Forced Ranking and Age-Related
Employment Discrimination
By Tom Osborne and
Laurie A. McCann
What do Ford, Goodyear,
and Capital One have in common besides being among the largest businesses
in
the United States? All have been sued recently for age-related employment
discrimination arising from a performance
evaluation process known as forced ranking or, less flatteringly,
rank and yank. By 2001 forced ranking
systems had been adopted by 20 percent of U.S. companies, including
as many as 25 percent of the Fortune 500.
Although forced ranking is not a new technique, it attracted scant attention
until the recent economic downturn
spotlighted its use by many employers as a tool in deciding layoffs.
What Is Forced Ranking?
Forced ranking is a
performance-based evaluation system in which employees are ranked against
each other
based on a particular scheme or design. Some companies have used a totem
pole approach, in which employees
in a group are ranked from the top down. Some have imposed quartiles,
in which 25 percent of the group is
placed in each of four cells and then ranked further in each cell. Others
have ranked workers from best to worst
along the bell-shaped curve of the normal distribution and established
cut-off points for the top, middle, and bottom
categories. Typically, the ranking decisions are made by managers who
spend hours in meetings haggling
with each another to satisfy the distribution requirements.
As implemented in 2000
at Ford, for example, according to the allegations in Siegel v. Ford
Motor Co., No. 01-102583-CL (Wayne Co., Mich., Apr. 27, 2001), approximately
18,000 management employees were forceranked into three categories,
with A representing the top 10 percent, B the middle 80 percent, and
C the bottom 10 percent. The A group was eligible for raises and bonuses,
the Bs received smaller raises and bonuses, and the Cs received
nothing. A second C in the next evaluation cycle could mean immediate
termination.
In 2001 Goodyear implemented
a similar 10-80-10 ABC ranking system, which violated the Ohio age discrimination
law according to the allegations in Jones v. Goodyear Tire &
Rubber Co., No. 02-00-5090 (Summit Co., Ohio, Sept. 12, 2002). The
forced ranking system implemented by Capital One, which employs over
17,000 people nationwide, is based on a seven-point performance scale.

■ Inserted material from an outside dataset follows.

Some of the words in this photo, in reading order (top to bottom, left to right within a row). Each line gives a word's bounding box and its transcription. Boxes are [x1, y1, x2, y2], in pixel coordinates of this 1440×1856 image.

It was challenged as a violation of the federal Age Discrimination in
Employment Act (ADEA) by a group of older workers employed in the companys
Richmond, Virginia, operations. Feltman v. Capital One Services,
Inc., No. C.A. 3:02cv894 (E.D. Va. Richmond Division, Dec. 9, 2002).
The common denominator
of all three cases is the allegation that older workers were targeted
for termination
and that they were, therefore, consistently ranked in the lowest category
at a disproportionately high rate. By facilitating
the actual or constructive discharge of its older employees, the forced
ranking system allegedly enabled the
employer to fulfill its purpose of achieving and maintaining a relatively
younger workforce.
Forced ranking is also
used by General Electric, Cisco Systems, EDS, Hewlett Packard, Microsoft,
PepsiCo,
Caterpillar, and Sun Microsystems, to name only a few well-known employers.

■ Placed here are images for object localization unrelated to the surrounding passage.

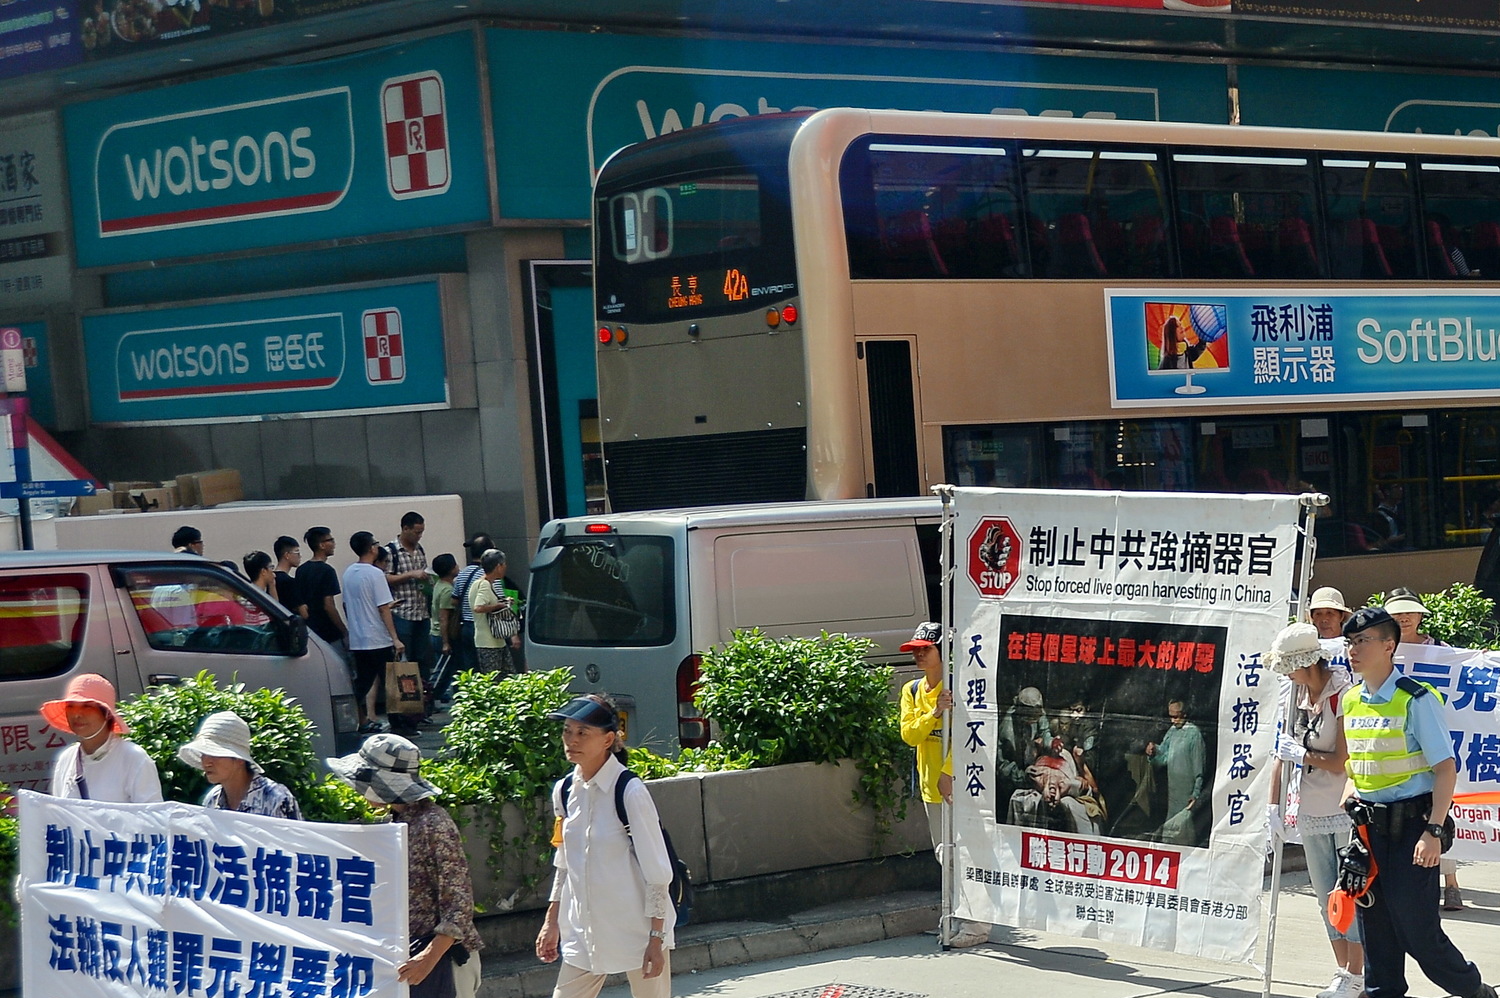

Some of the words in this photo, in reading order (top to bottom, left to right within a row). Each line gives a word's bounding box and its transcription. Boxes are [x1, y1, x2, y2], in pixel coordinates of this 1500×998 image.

[125, 127, 316, 200] watsons
[723, 269, 749, 301] 42A
[1251, 303, 1334, 342] 飛利浦
[131, 344, 249, 382] watsons
[264, 332, 326, 374] 屈臣氏
[1253, 346, 1336, 384] 顯示器
[1028, 526, 1277, 577] 制止中共強摘器官
[979, 570, 1012, 590] STOP
[1026, 575, 1051, 596] Stop
[1054, 576, 1091, 594] forced
[1093, 577, 1112, 595] live
[1115, 582, 1148, 600] organ
[1152, 581, 1217, 604] harvesting
[1220, 584, 1231, 601] in
[1234, 584, 1271, 603] China
[1007, 632, 1215, 674] 在這個星球上最大的邪惡
[965, 634, 987, 798] 天理不容
[0, 724, 67, 755] 限公
[1227, 653, 1264, 827] 活摘器官
[1453, 805, 1491, 823] Organ
[1454, 828, 1487, 844] uang
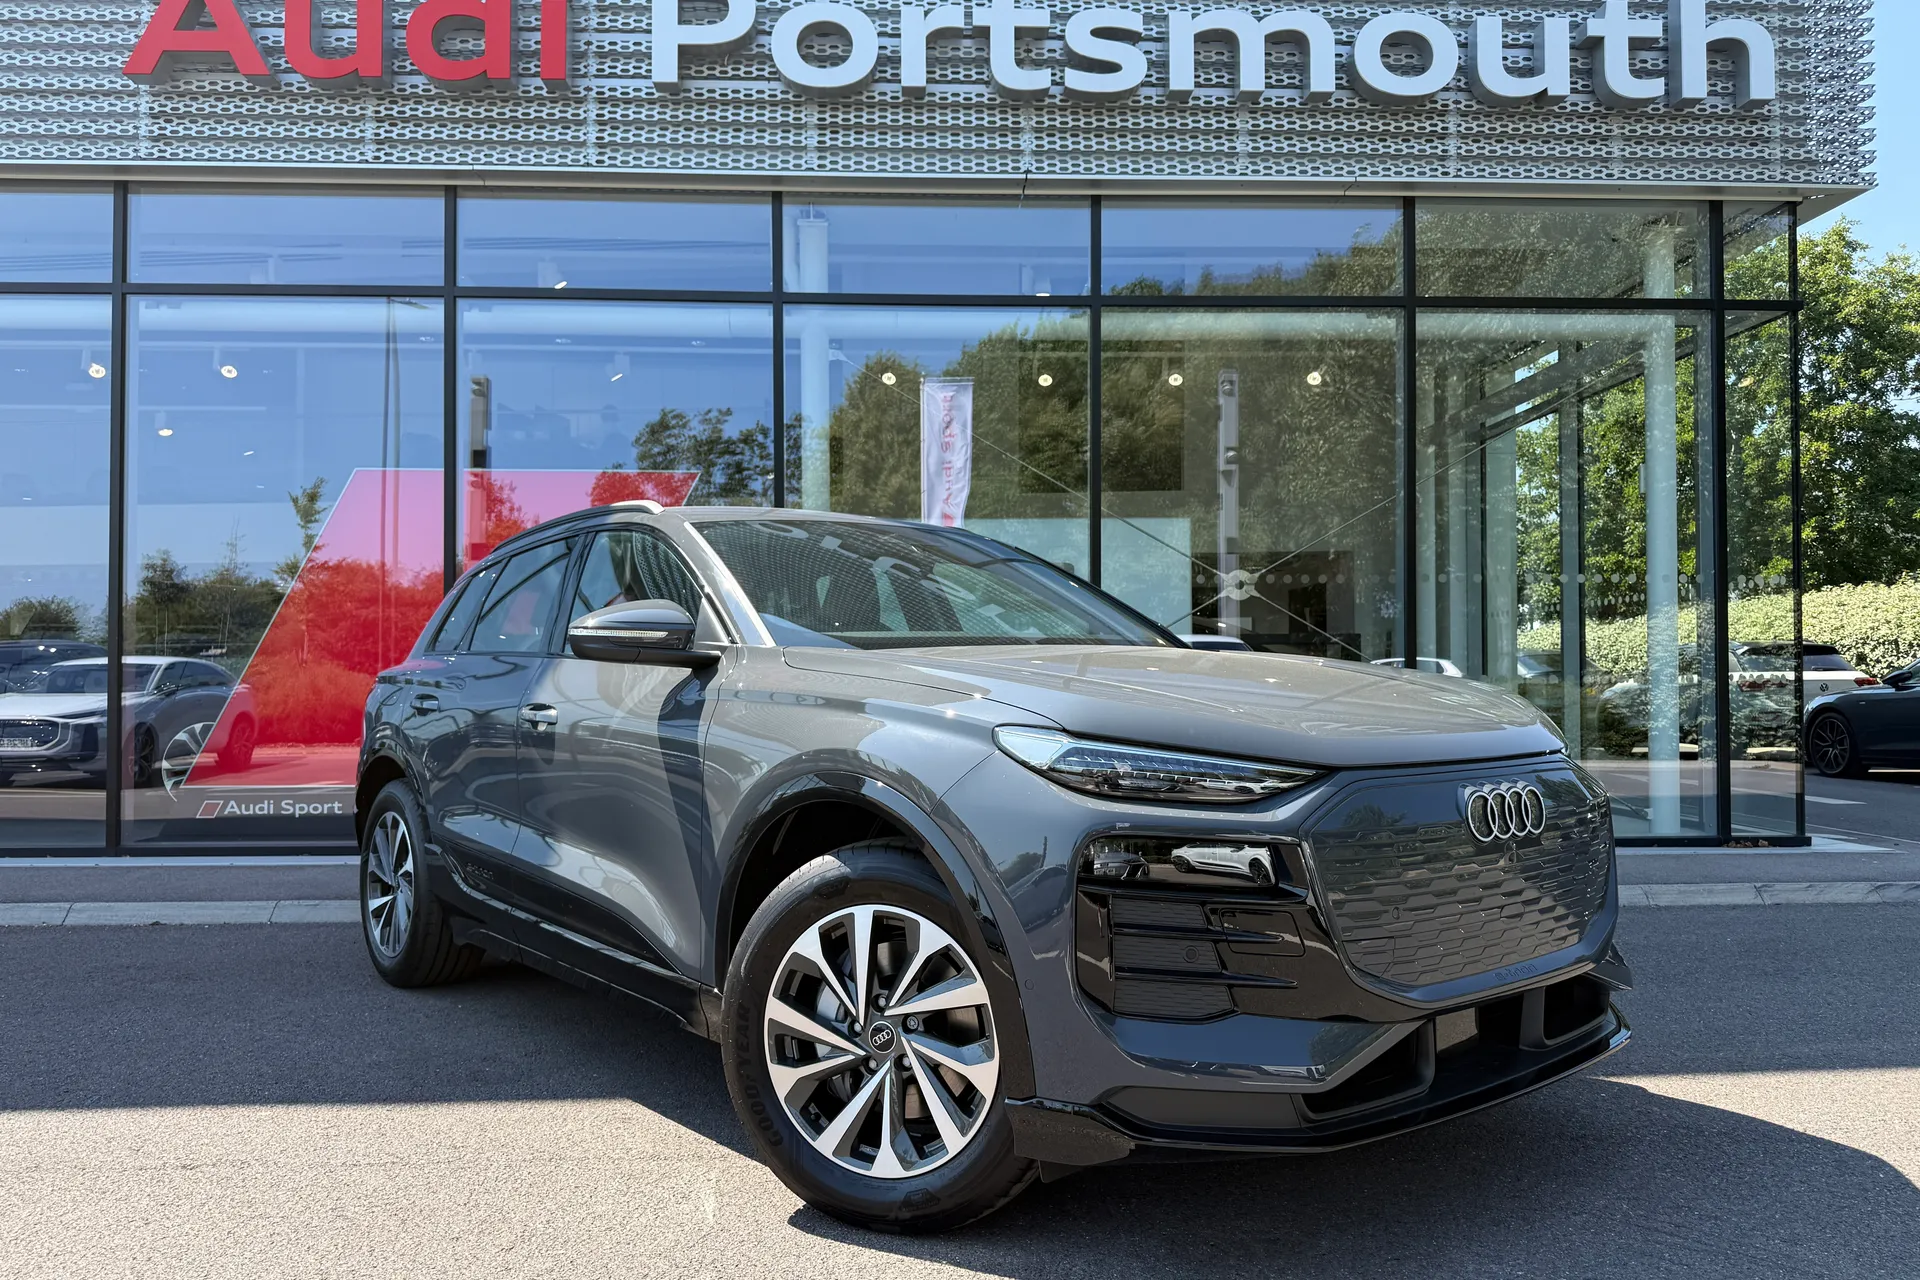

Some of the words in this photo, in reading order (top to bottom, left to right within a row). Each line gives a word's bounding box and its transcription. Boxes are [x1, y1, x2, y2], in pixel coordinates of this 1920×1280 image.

[121, 0, 569, 82] Audi
[651, 0, 1777, 103] Portsmouth
[224, 800, 274, 815] Audi
[280, 800, 343, 818] Sport

The forced ranking age discrimination
suits against Ford and Capital One (both of which settled) and Goodyear
(which is awaiting an interim appellate
decision before proceeding further in the trial court) are likely only
the opening salvo in what may become a
barrage of litigation by older workers challenging the practice.
Supporters:
According to proponents, forced ranking identifies the best and worst
performers and, by generously rewarding the top-ranked people and culling
the bottom dwellers, ensures that the employer will have a dynamic,
continuously improving workforce with strong loyalties to the company.
Some businesspeople recommend it as the way to jumpstart
a genuine leadership development process. Dick Grote, Forced
Ranking: Jumpstart Your Development Practice, EXEC. EXCEL., July
2003, at 6. To not manage out the Cs, say forced ranking
advocates, results in the perception that the company tolerates poor
performance, thus giving the As an incentive to leave for the
greener pastures of employers who do recognize and reward excellence.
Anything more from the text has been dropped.